Former New York Gov. Eliot Spitzer called for the reinstatement of the Glass-Steagall Act, the Depression-era legislation separating commercial banks from investment banking, during a breakfast meeting of New York City’s Real Estate Principals Group on Tuesday morning.
The Glass-Steagall Act was repealed in late 1999. Economist Robert Kuttner and others have criticized the repeal of the 1933 banking legislation, suggesting that it was a major factor in the devastating 2007 subprime mortgage crisis
In his remarks calling for stronger financial regulation, Spitzer warned that history could repeat itself.
“Everybody had all the power they needed in the run-up to the bubble to intercede, they just chose not to do it,” said Spitzer, who resigned as governor four years ago in the wake of a prostitution scandal. “There’s always the self-delusion that this time we’re smarter.”

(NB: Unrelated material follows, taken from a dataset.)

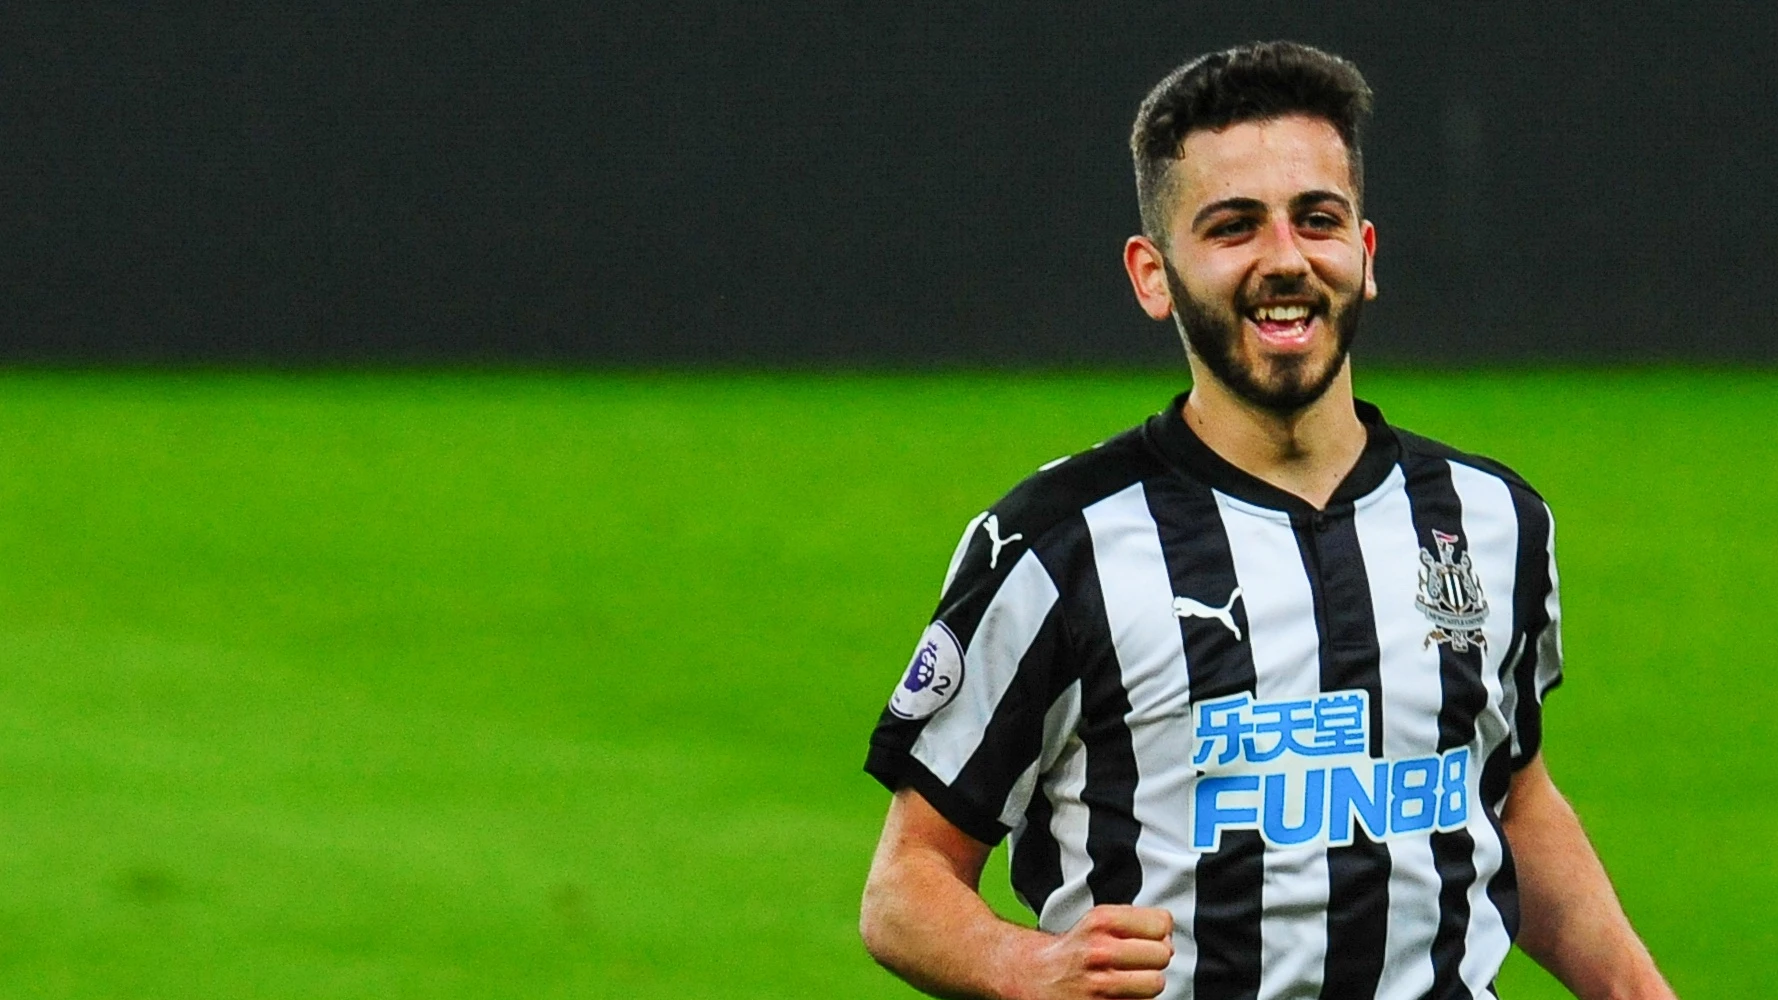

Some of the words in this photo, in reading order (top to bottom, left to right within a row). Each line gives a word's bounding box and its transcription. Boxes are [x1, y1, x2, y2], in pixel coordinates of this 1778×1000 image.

[931, 675, 952, 697] 2
[1193, 694, 1365, 765] 乐天堂
[1193, 748, 1469, 848] FUN88

“The same people who created the crisis are supposed to keep us out of the next one,” the politician-turned-pundit added mockingly.
“Banking should be boring,” said Spitzer. “When banking isn’t boring, bad things happen.”
Spitzer, 53, also criticized the architects of the 2008 bailout for “the socialization of risk and the privatization of gain.”
Spitzer originally came out in favor of Glass-Steagall earlier this year during an interview with WirtschaftsWoche, a German financial newspaper, telling the weekly paper that without strong financial regulation the mega-financial firms — the companies deemed too-big-to-fail — “will get us in trouble again” and will eventually be looking for another taxpayer-funded bailout.
“In my view it would be better to go back to the system of bank separation, as we had with relative stability in the fifty years prior to the repeal of Glass-Steagall,” said Spitzer.